Now Hepburn is only a few solar-farm football fields away from Daylesford where Simon and his wife Katrina and family currently reside at the time of the COVID-19 pandemic. By the way, for his 2018 AFR profile, the Aussie Brahmin posed in front of lotsa trees – it is not clear whether the trees benefited from a taxpayer-funded subsidy.

Here’s how Brook Turner finished her somewhat gushing profile:

Holmes à Court remains sanguine. He and Katrina recently told their kids they had decided to sink upwards of $200,000 of their own money into C200. “My daughter said, ‘Wow, that’s a lot of money, are you sure this will work?’ ” he says, out walking the dog in the dark after a virtual, mid-October celebration of surpassing 2000 donors. “I told her that I wouldn’t tell anyone it’s a dead certainty we’ll pull this off. I don’t even know if it’s a 50/50. But if it does work, the payoff for Australia will be enormous.

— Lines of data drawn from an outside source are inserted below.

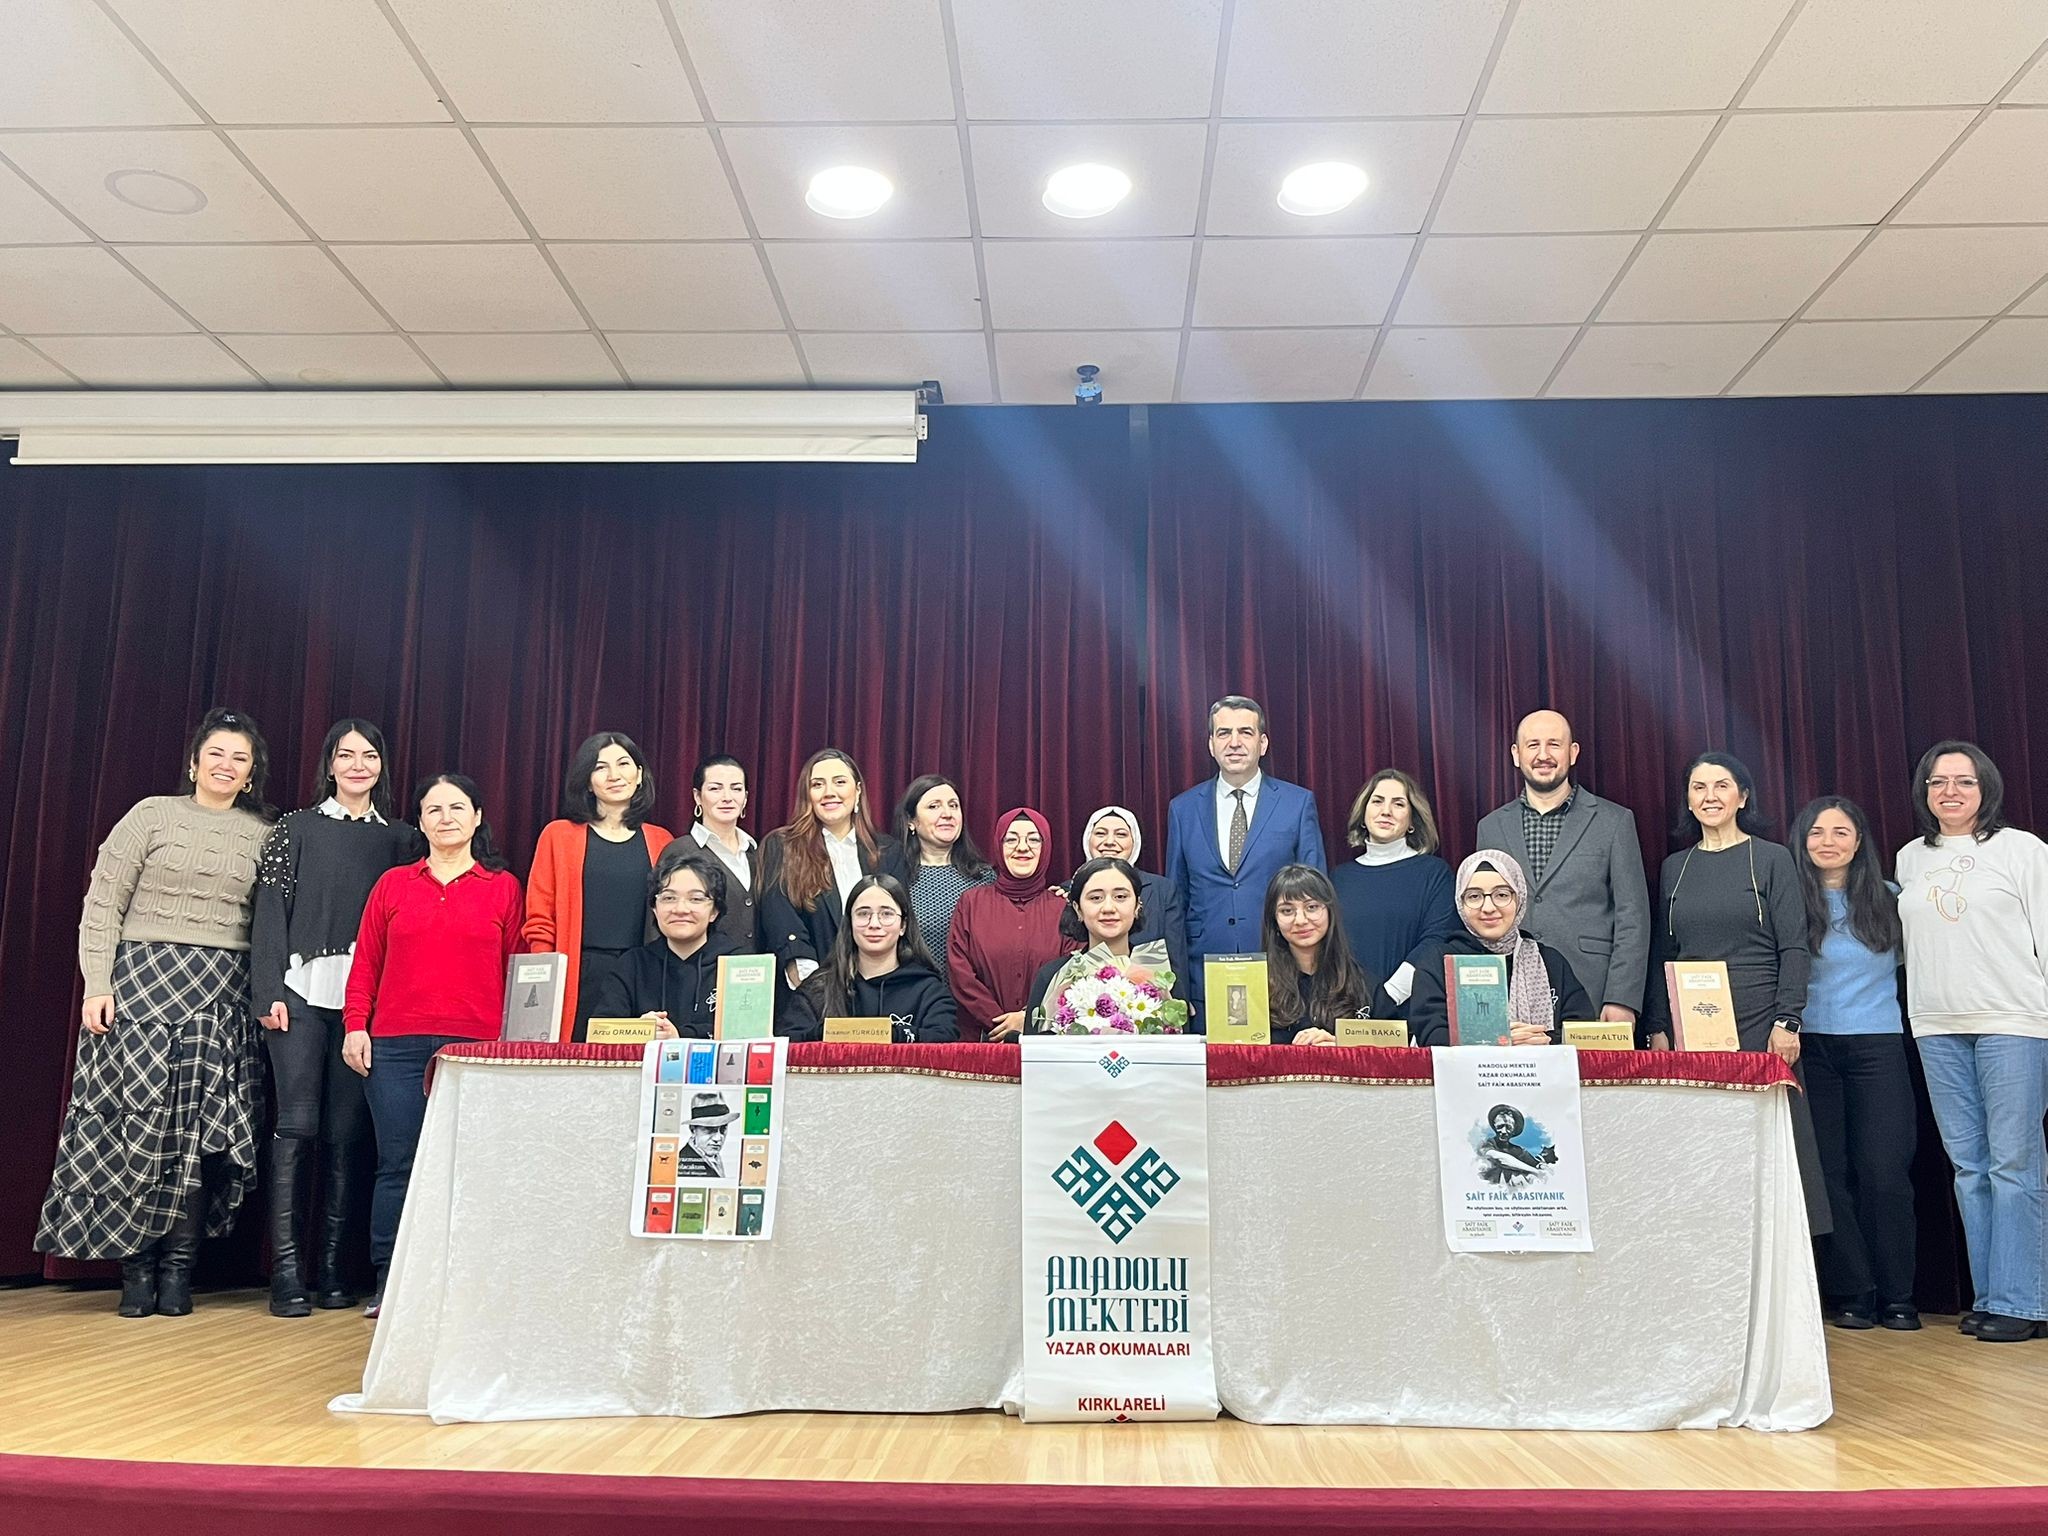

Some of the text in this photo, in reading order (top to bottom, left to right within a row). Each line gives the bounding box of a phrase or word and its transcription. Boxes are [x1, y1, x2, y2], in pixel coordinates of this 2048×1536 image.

[592, 1028, 611, 1036] Arzu
[1345, 1028, 1401, 1037] Damla BAKAÇ
[1569, 1033, 1600, 1041] Nisanur
[1465, 1191, 1566, 1201] SAİT FAİK ABASIYANIK
[1045, 1255, 1189, 1296] ANADOLU
[1045, 1294, 1190, 1338] MEKTEBİ
[1046, 1342, 1191, 1356] YAZAR OKUMALARI
[1078, 1395, 1166, 1411] KIRKLARELİ

It will be the greatest piece of philanthropy we could do.”

How about that?  To Australia’s toiling masses struggling to pay ever increasing energy bills, 200K is a lot of moolah.  But $200,000 is not that much dough for a multi-millionaire whose old man was, well, a major miner and who believes that the defeat of the likes of the Liberal Party’s Josh Frydenberg in Kooyong and Dave Sharma in Wentworth is essential for the future of Australia and the rest of the world.  Why not kick in more? That’s what a socially conscious real Brahmin would do. Can You Bear It?

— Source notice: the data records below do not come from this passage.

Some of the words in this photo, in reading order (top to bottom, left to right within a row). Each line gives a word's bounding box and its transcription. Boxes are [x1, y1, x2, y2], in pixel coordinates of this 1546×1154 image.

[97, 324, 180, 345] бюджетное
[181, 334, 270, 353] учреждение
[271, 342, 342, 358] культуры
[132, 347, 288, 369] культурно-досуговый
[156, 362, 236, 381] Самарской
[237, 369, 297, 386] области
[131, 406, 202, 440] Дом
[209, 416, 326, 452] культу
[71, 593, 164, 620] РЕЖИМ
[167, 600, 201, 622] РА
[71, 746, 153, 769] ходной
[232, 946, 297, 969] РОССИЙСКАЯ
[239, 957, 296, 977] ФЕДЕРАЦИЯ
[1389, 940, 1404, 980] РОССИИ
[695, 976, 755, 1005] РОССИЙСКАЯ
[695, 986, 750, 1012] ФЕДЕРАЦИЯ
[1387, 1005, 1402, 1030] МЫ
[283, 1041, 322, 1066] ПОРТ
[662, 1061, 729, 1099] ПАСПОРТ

While on the topic of multi-millionaires/billionaires of the Green variety, did anyone catch the “Five minutes with Fitz” column in last Sunday’s Sun-Herald?   As avid Media Watch Dog readers know, this is the occasion where Peter FitzSimons (aka the one-time Red Bandannaed One) interviews someone or other about something or other in 5 (excruciatingly long) minutes.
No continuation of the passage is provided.